It will be clear from these summaries that al Qaeda still has more powerful affiliates but that Islamic State has the momentum. It should also be stressed that other Islamist groups continue to operate outside the franchises. The most powerful Islamist groups in Libya are linked closely to Egypt’s Muslim Brotherhood. In Afghanistan, al Qaeda was once closely allied to the Taliban, and links remain today, although the relationship has grown much cooler, but the Taliban were never an affiliate of al Qaeda. Neither
were Tehriki-Taliban (the “Pakistani Taliban”) nor Lashkar-e-Jhangvi in Pakistan.
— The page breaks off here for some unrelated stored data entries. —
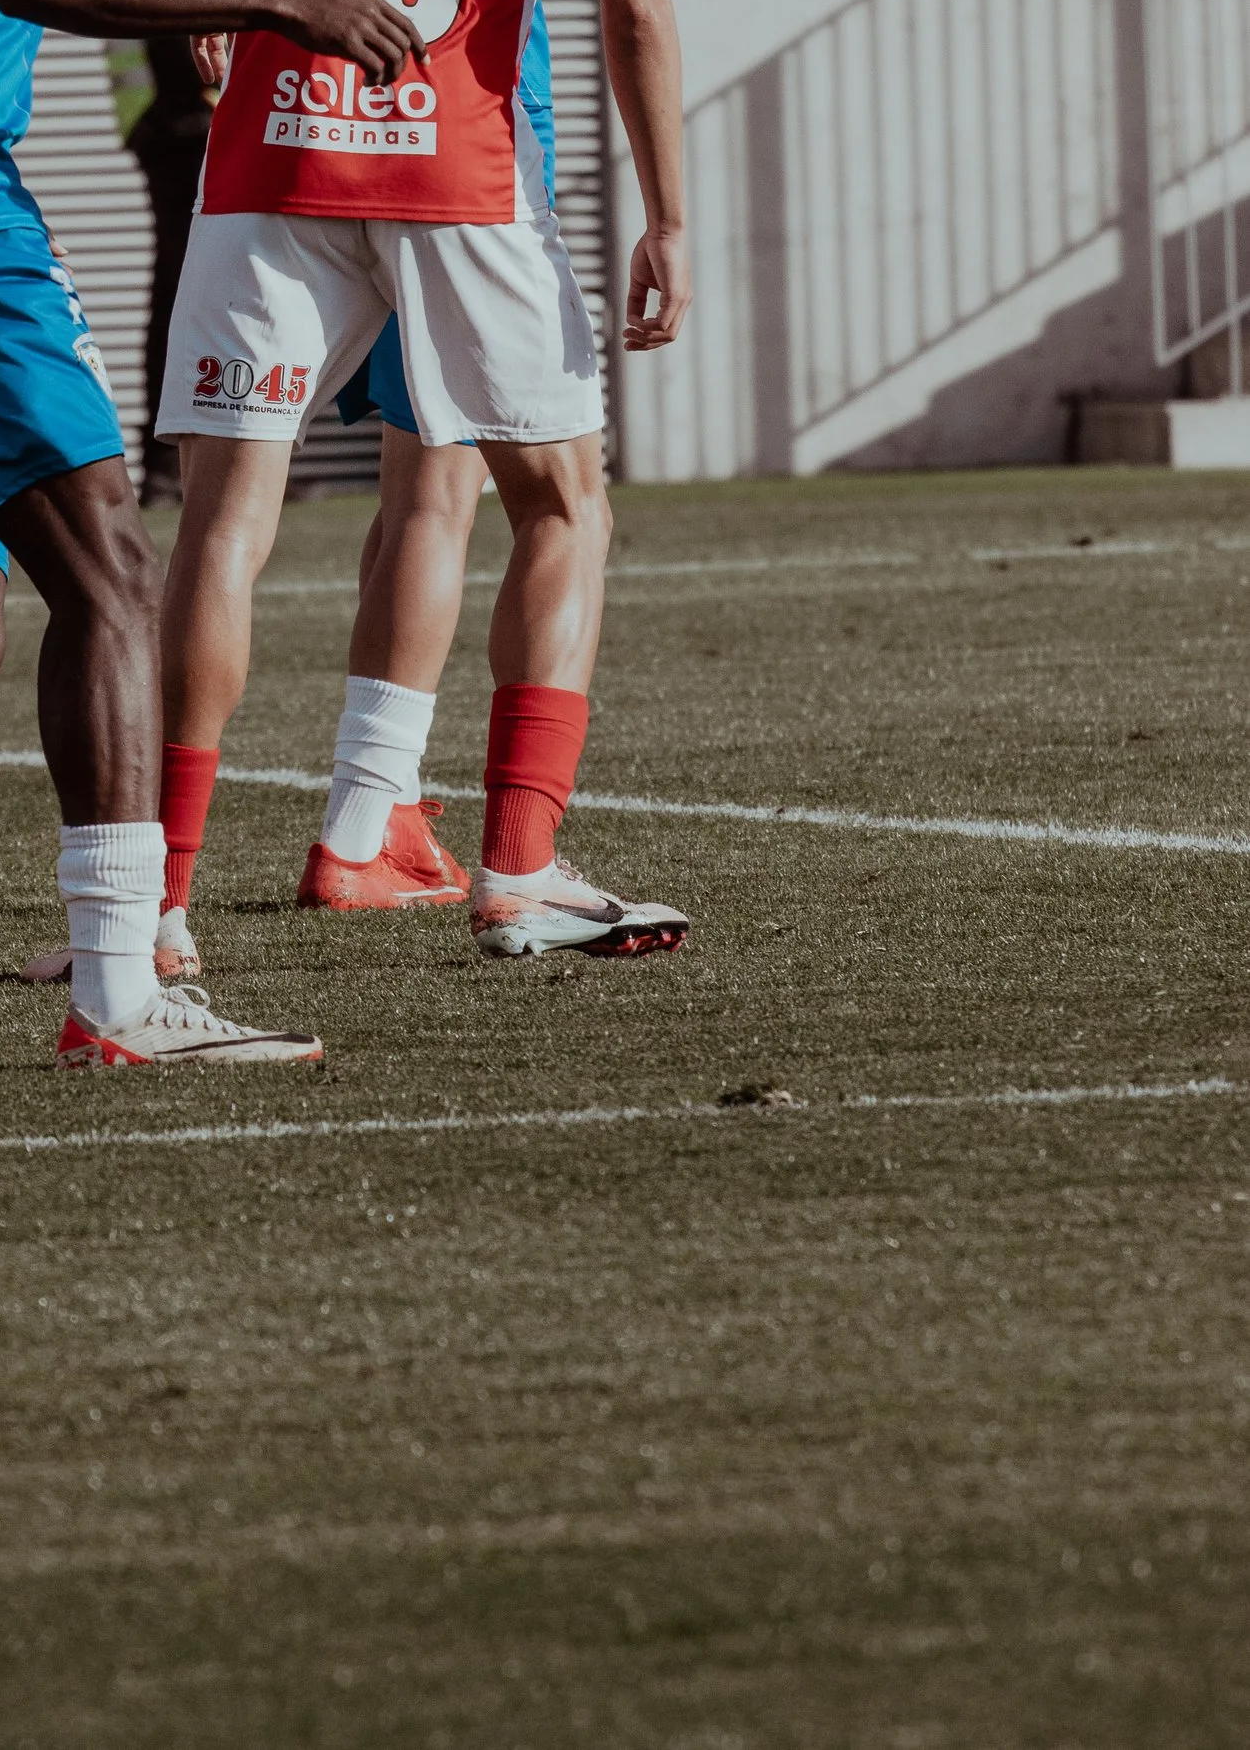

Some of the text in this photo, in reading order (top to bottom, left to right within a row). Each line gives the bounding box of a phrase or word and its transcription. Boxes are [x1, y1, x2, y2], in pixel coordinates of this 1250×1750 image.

[272, 63, 437, 119] soleo
[275, 117, 421, 146] piscinas
[193, 355, 312, 407] 2045
[192, 399, 228, 410] EMPRESA
[229, 403, 242, 411] DE
The rivalry between al Qaeda and Islamic State has already erupted into open warfare twice: in Syria in the first four months of 2014 and in Yemen in the spring of 2015. While a degree of tactical cooperation persists, further clashes seem likely. The chances are slim that they will overrun the Arab world any time soon. Or indeed ever.
CHAPTER 10
THE LESSER EVIL
Q: [Why is Islamic State] not fighting Israel but instead shedding the blood of the sons of Iraq and Syria?
A: The greater answer is in the noble Quran, when Allah Almighty speaks about the near enemy. In the majority of verses in the noble Quran, these are the hypocrites, for they pose a greater danger than the original infidels [those who were not born Muslims, like Jews and Christians]. And the answer is found in Abu Bakr al-Sadiq, when he preferred fighting apostates over the conquest of Jerusalem, which was conquered by his successor, Omar al-Khattab
.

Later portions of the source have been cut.